Ok, this project  is really stupid and I’ll probably never going to use it for any of my next projects, but it was fun doing it nevertheless. I have a bunch of these adjustable LM2596 DC-DC boards in one of my “magic” component cabinets, that you can find quite cheap in ebay (~$1.5).

As you can see it’s composed of few components like an inductor, capacitors, resistors e.t.c. You apply a DC input voltage and then you get a step-down DC output on the other side. You can control the output voltage with a 10KΩ pot (the blue block device with the screw on top). That’s great. But… this means that every time you need to change the output voltage you need to turn the screw several times to get it. The good thing with that is that if you have a good multimeter you can get quite precise output voltages as the POT is analog. The bad thing is that you need to do manual labor every time you need to change the output voltage. But not anymore.

The idea was to simply change the analog POT with a digital one and then find a way to control it remotely. So, why not do that using a UART port, or even better a USB port. Oh, wait… Why not make it WiFi controlled and also have a web interface? And this how stupid projects are made. Do to that we’ll need the following components.

Components

Digi-pot

There are several digital pots on the ebay and they are cheap, but the trick here is to find a digi-pot that has enough wiper points (or steps). Why you need many steps? The ‘step’ for a digital pot defines it’s resolution, so for a 10KΩ pot with 100 steps (like the X9C103P) each step is 10ΚΩ/100=100Ω. That’s quite large when it’s used in voltage a divider like the pot on the LM2596 board. On the other hand by using a digi-pot like the MCP41010 that has 256 steps, the resolution gets much higher. You can find these microchip digi-pots on ebay for around $1.5 each.

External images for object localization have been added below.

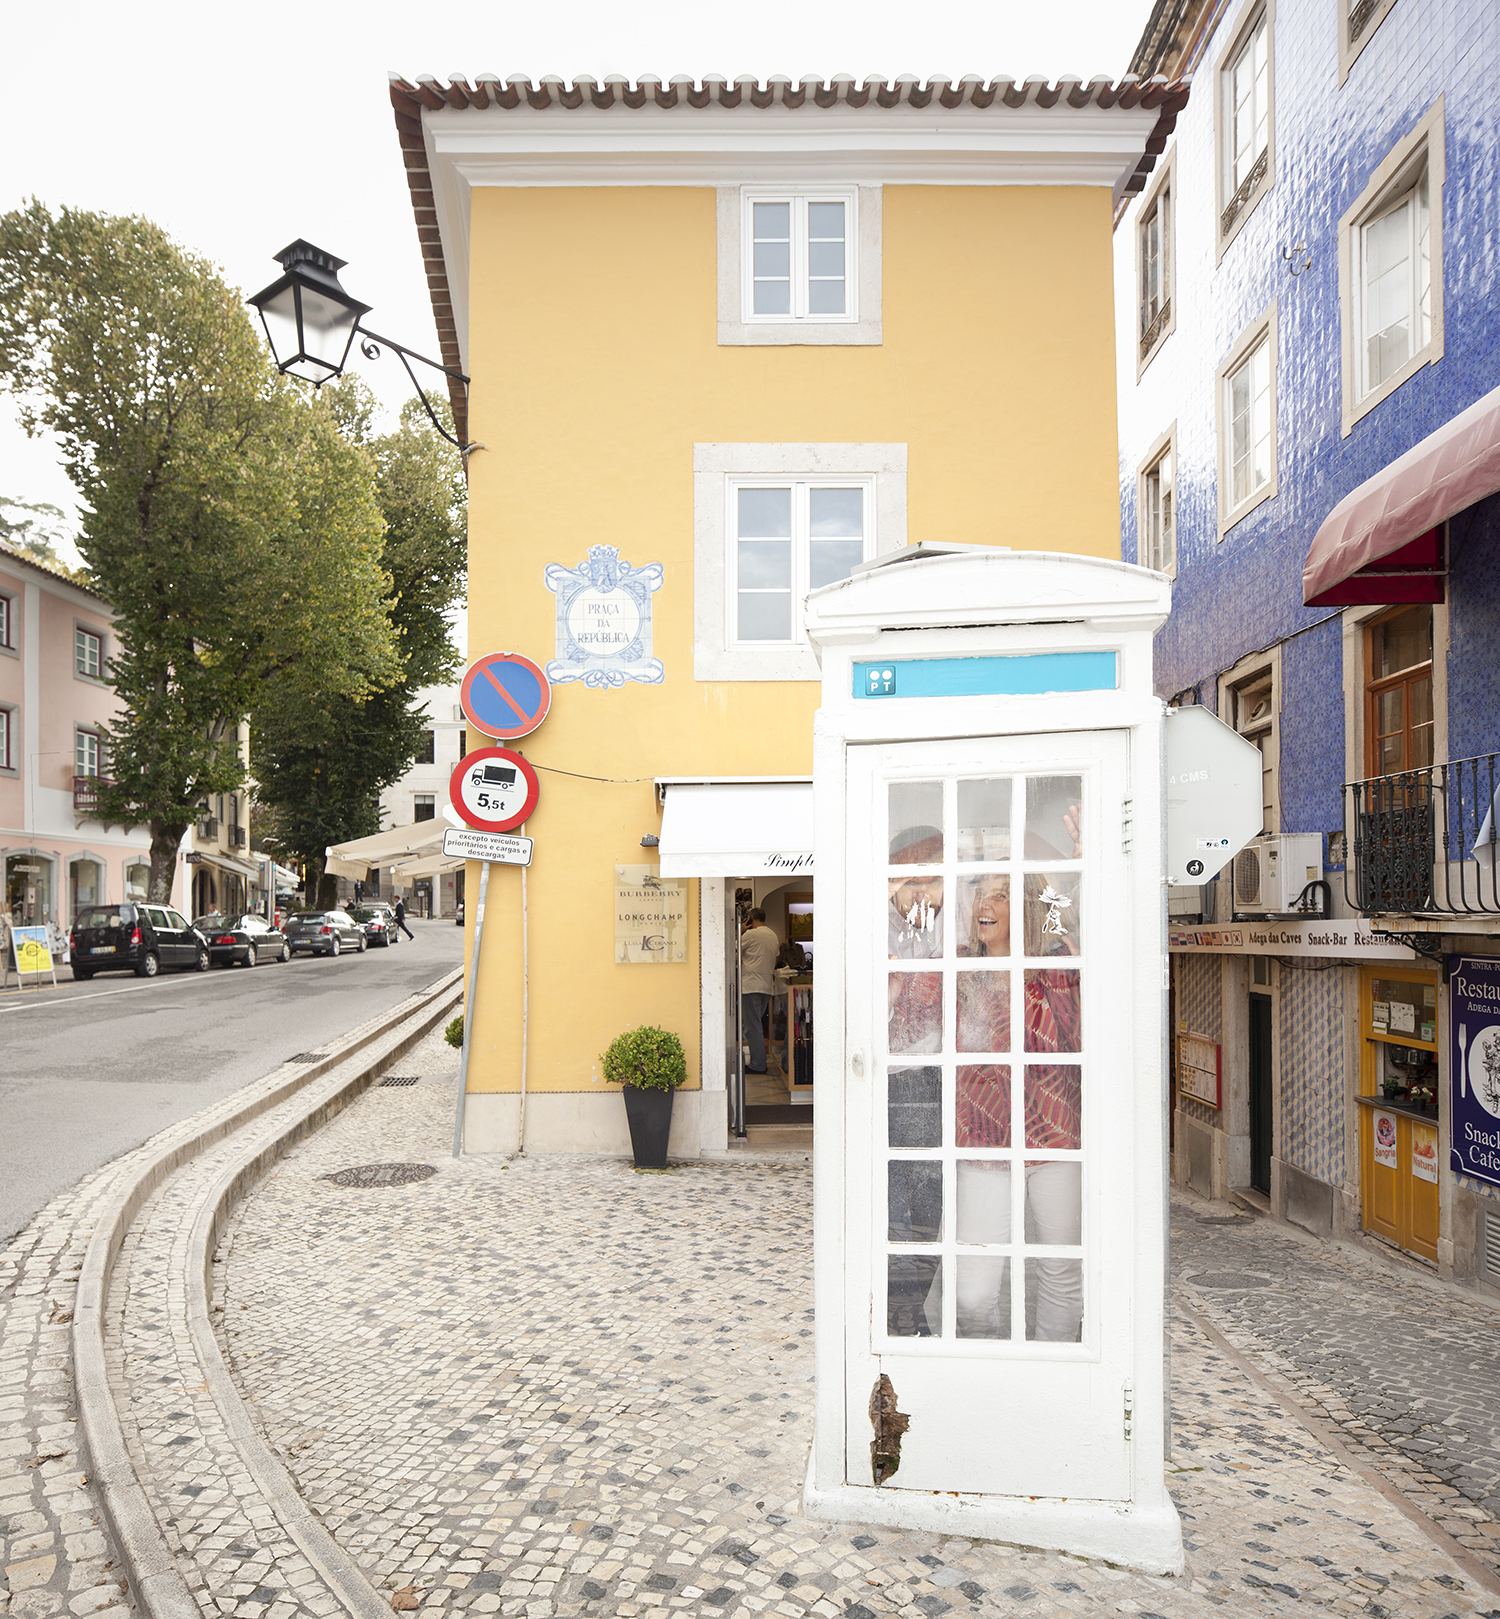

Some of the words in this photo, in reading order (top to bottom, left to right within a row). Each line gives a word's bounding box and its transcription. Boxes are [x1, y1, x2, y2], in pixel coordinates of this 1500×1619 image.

[588, 603, 619, 616] PRAÇA
[597, 619, 610, 628] DA
[577, 629, 630, 643] REPÚBLICA
[1179, 769, 1208, 783] CMS
[477, 793, 505, 810] 5,5t
[459, 834, 489, 843] excepto
[467, 848, 506, 859] descargas
[495, 846, 521, 854] cargas
[618, 913, 683, 921] LONGCHAMP
[1249, 931, 1268, 947] Adega
[1268, 932, 1279, 944] das
[1280, 931, 1302, 944] Caves
[1307, 932, 1348, 945] Snack-Bar
[1375, 1147, 1395, 1159] Sangria
[1413, 1155, 1437, 1174] Natural

The mcp41010 is controlled with an SPI interface, which means that you need a micro-controller. That’s cool, because this means that you can also use an ESP8566 wifi module and why not a USB interface if the controller comes with it.

Micro-controller

I like ARM processors. My favorite boards are those stm32f103c8t6 that you can find on ebay for $2. They are ultra-cheap, they have almost any interface that I need for my stupid projects and they also have a very nice API to program them. The stm32f103 has a USB port, more than the 2 uarts that are needed and an SPI interface to control the digi-pot.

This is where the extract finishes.